Minimize:NFADFA=DeterminizeReverseDeterminizeReverse

Il s'agit évidemment d'un algorithme de temps exponentiel dans le pire des cas, car il peut prendre un automate non déterministe et vous en donner un déterministe (ou encore plus évidemment, il appelle deux fois la construction du sous-ensemble).
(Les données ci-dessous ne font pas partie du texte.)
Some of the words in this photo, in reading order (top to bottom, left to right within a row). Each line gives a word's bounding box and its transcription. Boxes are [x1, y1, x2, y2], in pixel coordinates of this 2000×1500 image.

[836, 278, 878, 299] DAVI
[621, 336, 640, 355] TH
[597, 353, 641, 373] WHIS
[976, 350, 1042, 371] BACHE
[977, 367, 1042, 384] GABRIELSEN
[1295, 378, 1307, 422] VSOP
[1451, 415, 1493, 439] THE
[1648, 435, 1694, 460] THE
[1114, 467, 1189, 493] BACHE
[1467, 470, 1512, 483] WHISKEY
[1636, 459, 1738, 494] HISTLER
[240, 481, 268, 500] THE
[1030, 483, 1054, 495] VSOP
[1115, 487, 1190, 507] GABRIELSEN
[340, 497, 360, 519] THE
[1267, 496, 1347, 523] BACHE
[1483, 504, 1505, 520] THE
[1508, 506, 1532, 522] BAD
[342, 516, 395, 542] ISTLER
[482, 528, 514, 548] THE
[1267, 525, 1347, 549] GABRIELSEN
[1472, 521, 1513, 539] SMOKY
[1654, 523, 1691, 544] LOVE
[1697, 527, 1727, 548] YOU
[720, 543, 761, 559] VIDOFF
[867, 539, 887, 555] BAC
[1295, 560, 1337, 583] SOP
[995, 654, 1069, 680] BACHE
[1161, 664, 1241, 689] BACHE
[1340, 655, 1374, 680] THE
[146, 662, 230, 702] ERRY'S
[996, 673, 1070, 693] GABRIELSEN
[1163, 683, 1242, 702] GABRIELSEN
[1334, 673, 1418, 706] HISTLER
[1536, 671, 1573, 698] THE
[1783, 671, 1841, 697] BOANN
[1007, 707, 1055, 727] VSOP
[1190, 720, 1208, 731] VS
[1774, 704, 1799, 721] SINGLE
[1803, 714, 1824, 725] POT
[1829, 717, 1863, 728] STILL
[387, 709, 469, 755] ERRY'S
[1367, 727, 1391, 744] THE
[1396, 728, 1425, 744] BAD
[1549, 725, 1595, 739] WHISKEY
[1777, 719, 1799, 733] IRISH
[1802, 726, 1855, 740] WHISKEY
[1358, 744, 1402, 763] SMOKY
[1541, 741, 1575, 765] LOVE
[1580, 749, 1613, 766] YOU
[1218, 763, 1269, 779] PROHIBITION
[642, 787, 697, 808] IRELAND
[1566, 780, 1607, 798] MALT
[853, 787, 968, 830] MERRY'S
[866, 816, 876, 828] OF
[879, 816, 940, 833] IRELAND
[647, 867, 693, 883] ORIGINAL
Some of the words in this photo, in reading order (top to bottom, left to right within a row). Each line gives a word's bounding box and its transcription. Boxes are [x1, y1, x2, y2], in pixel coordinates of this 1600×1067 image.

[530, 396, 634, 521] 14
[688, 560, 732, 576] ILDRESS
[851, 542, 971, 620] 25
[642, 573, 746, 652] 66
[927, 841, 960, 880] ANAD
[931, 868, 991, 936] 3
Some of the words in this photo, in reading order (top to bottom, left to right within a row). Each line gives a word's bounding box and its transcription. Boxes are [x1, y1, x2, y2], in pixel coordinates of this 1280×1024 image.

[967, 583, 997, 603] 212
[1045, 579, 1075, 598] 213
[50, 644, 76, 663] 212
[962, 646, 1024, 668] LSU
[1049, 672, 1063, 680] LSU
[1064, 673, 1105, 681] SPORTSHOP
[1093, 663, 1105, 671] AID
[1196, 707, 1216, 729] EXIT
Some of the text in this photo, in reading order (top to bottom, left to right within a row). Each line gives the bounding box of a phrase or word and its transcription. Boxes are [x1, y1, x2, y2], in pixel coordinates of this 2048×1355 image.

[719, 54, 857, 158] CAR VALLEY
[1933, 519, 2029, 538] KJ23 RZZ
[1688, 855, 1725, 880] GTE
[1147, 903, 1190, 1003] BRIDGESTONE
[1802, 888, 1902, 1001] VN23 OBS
Cependant, si vous attribuez à l'algorithme de Brzozowski un DFA en entrée, sur de nombreux types courants, il peut concurrencer et souvent surpasser les algorithmes spécialisés de minimisation DFA (qui sont généralement ou si vous êtes hard-core et implémentez l'algorithme de Hopcraft).O ( n log ( n ) )O(n2)O(nlog(n))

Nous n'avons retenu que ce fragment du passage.